» **How to complete this task**: All of the data should be repeated exactly; pictures are not part of the copy.

» **Exercise material**:
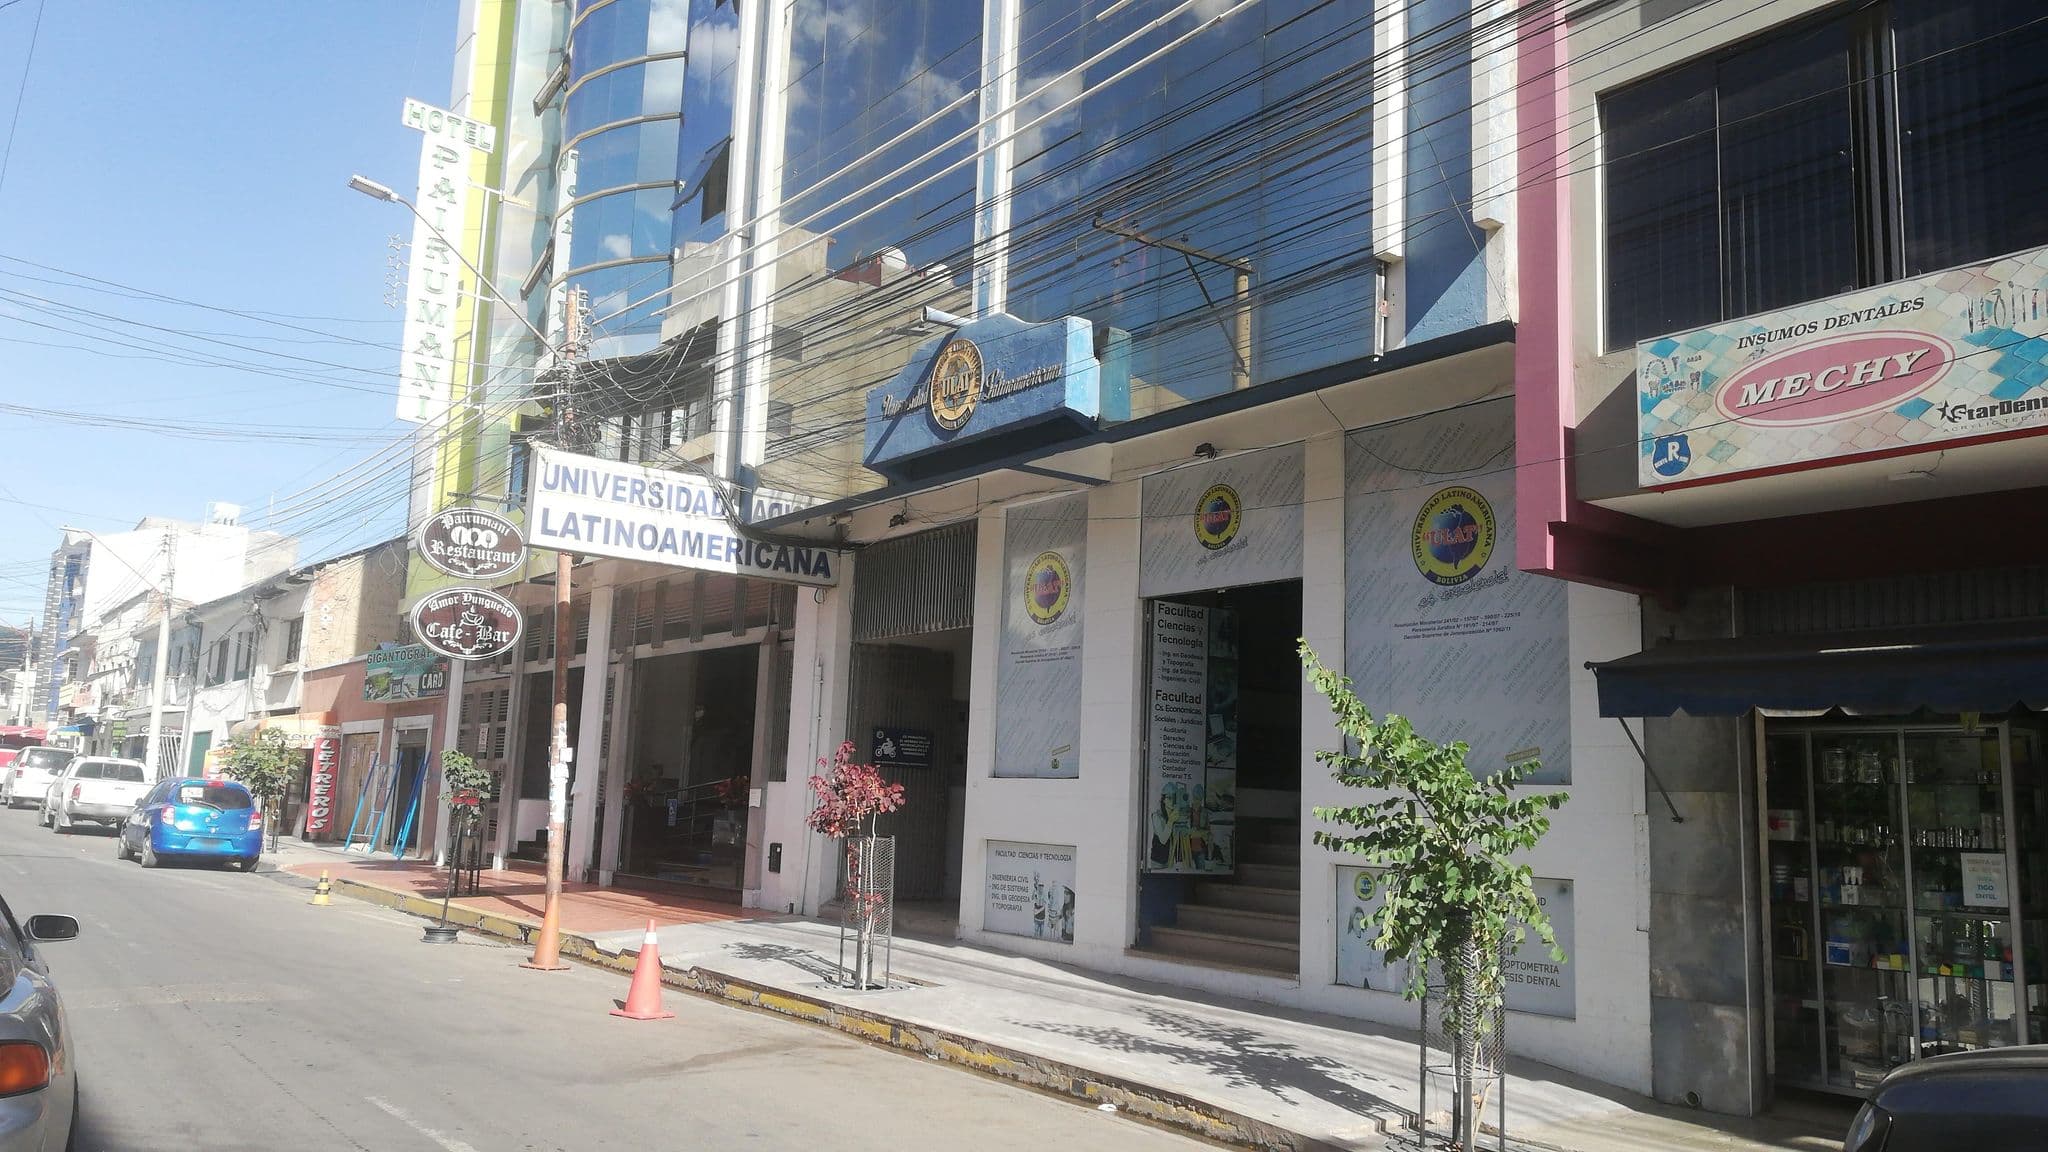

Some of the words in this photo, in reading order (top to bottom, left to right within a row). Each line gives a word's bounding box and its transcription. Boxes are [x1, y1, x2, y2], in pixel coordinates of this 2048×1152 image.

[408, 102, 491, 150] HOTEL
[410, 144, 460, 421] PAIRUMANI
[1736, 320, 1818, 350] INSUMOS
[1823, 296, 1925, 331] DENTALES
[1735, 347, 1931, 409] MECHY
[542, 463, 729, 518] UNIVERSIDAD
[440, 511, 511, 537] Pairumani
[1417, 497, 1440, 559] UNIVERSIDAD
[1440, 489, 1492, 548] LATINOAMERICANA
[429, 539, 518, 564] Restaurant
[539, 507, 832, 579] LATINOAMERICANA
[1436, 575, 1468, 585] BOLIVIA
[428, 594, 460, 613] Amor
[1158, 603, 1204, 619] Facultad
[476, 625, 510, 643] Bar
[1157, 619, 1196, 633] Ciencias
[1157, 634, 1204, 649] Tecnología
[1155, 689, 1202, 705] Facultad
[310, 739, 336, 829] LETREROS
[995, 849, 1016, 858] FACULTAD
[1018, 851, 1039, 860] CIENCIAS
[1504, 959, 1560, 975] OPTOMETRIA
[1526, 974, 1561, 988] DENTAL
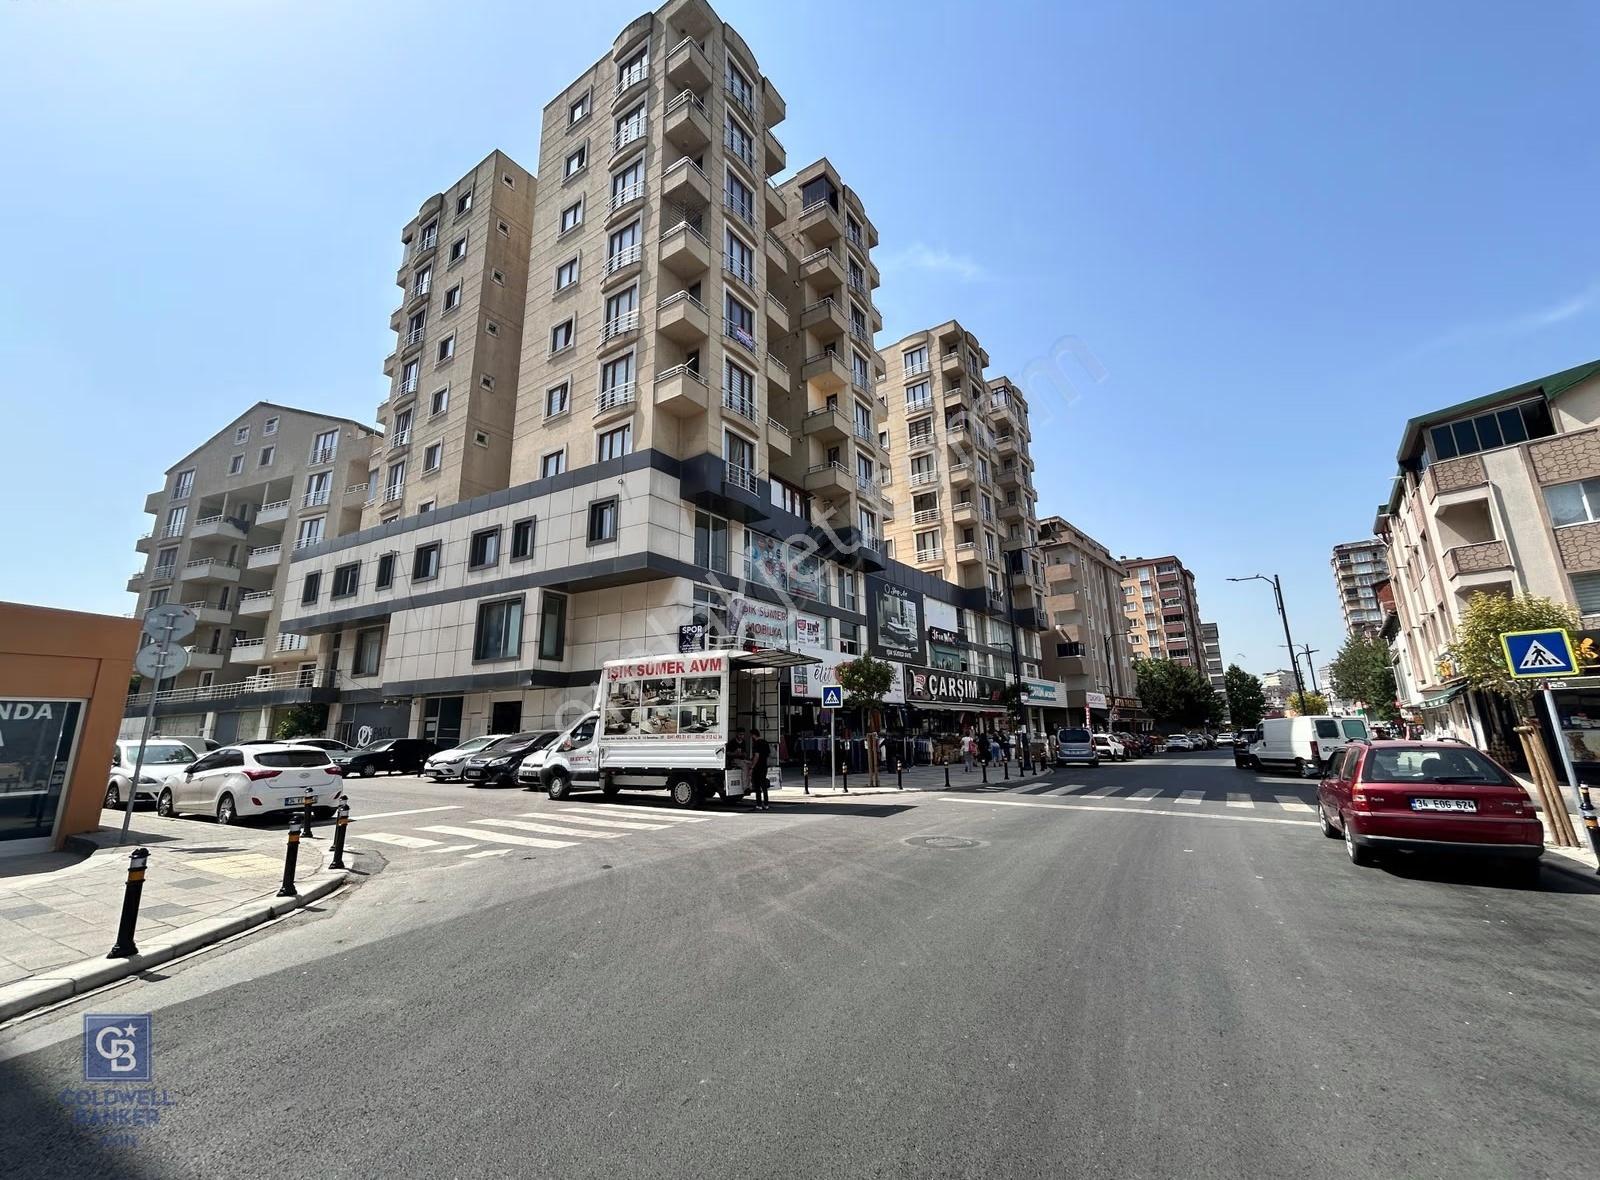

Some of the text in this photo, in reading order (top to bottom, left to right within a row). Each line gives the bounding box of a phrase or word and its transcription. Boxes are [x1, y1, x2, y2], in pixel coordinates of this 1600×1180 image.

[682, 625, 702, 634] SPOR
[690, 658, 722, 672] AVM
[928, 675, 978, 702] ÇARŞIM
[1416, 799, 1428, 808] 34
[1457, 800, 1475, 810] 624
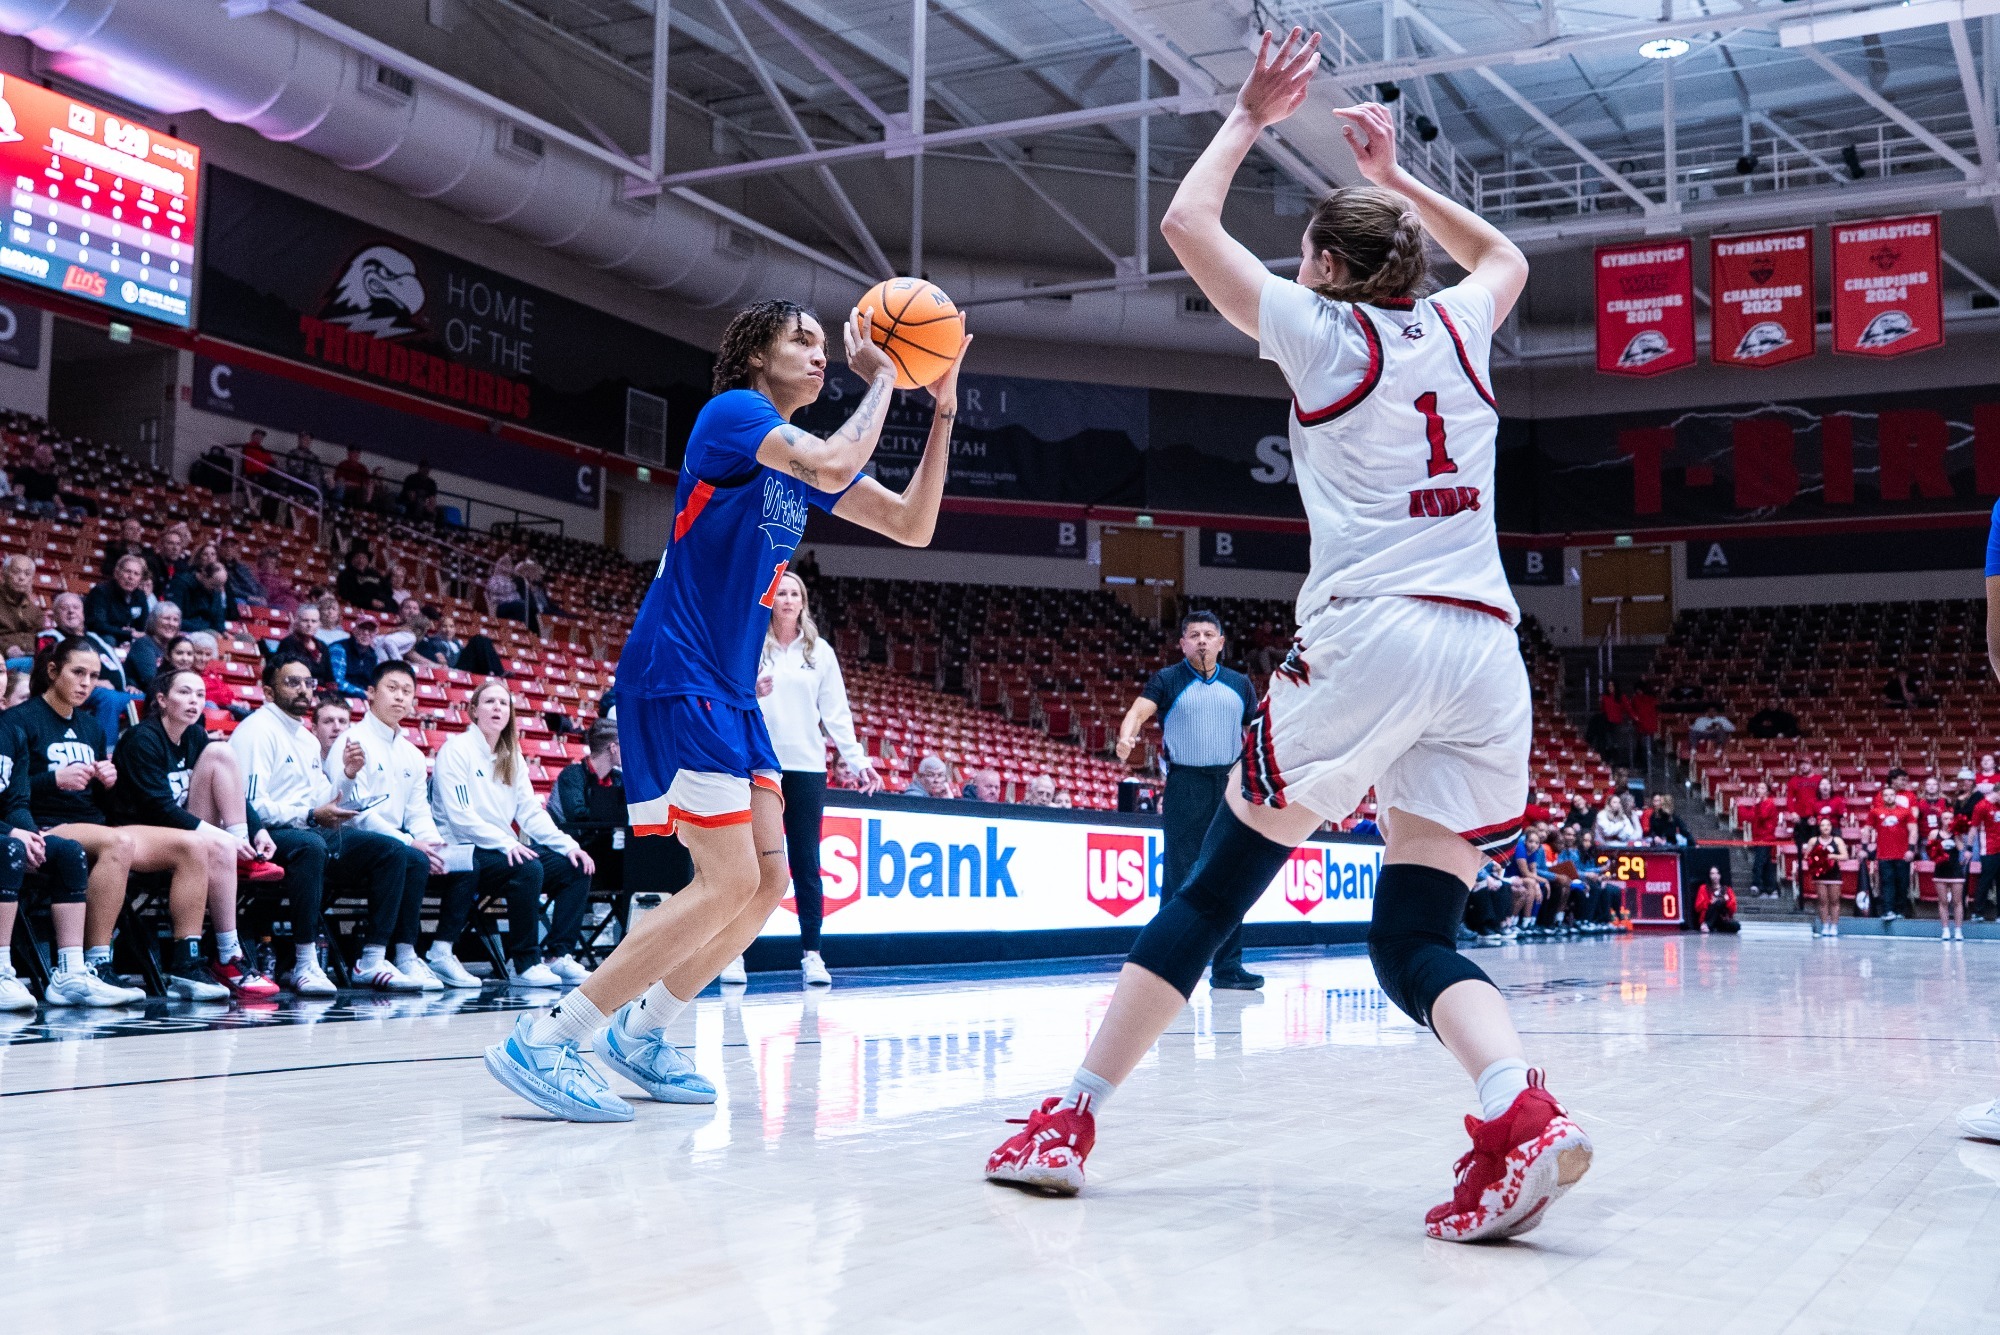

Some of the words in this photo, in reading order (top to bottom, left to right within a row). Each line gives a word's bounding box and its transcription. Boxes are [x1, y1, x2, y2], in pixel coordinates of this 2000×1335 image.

» **Your solution**:
Some of the words in this photo, in reading order (top to bottom, left to right within a row). Each line gives a word's bounding box and its transcription. Boxes are [x1, y1, x2, y2], in pixel coordinates of this 2048×1152 image.

[408, 102, 491, 150] HOTEL
[410, 144, 460, 421] PAIRUMANI
[1736, 320, 1818, 350] INSUMOS
[1823, 296, 1925, 331] DENTALES
[1735, 347, 1931, 409] MECHY
[542, 463, 729, 518] UNIVERSIDAD
[440, 511, 511, 537] Pairumani
[1417, 497, 1440, 559] UNIVERSIDAD
[1440, 489, 1492, 548] LATINOAMERICANA
[429, 539, 518, 564] Restaurant
[539, 507, 832, 579] LATINOAMERICANA
[1436, 575, 1468, 585] BOLIVIA
[428, 594, 460, 613] Amor
[1158, 603, 1204, 619] Facultad
[476, 625, 510, 643] Bar
[1157, 619, 1196, 633] Ciencias
[1157, 634, 1204, 649] Tecnología
[1155, 689, 1202, 705] Facultad
[310, 739, 336, 829] LETREROS
[995, 849, 1016, 858] FACULTAD
[1018, 851, 1039, 860] CIENCIAS
[1504, 959, 1560, 975] OPTOMETRIA
[1526, 974, 1561, 988] DENTAL

Some of the text in this photo, in reading order (top to bottom, left to right within a row). Each line gives the bounding box of a phrase or word and its transcription. Boxes are [x1, y1, x2, y2], in pixel coordinates of this 1600×1180 image.

[682, 625, 702, 634] SPOR
[690, 658, 722, 672] AVM
[928, 675, 978, 702] ÇARŞIM
[1416, 799, 1428, 808] 34
[1457, 800, 1475, 810] 624

Some of the words in this photo, in reading order (top to bottom, left to right within a row). Each line gives a word's bounding box and its transcription. Boxes are [x1, y1, x2, y2], in pixel coordinates of this 2000×1335 image.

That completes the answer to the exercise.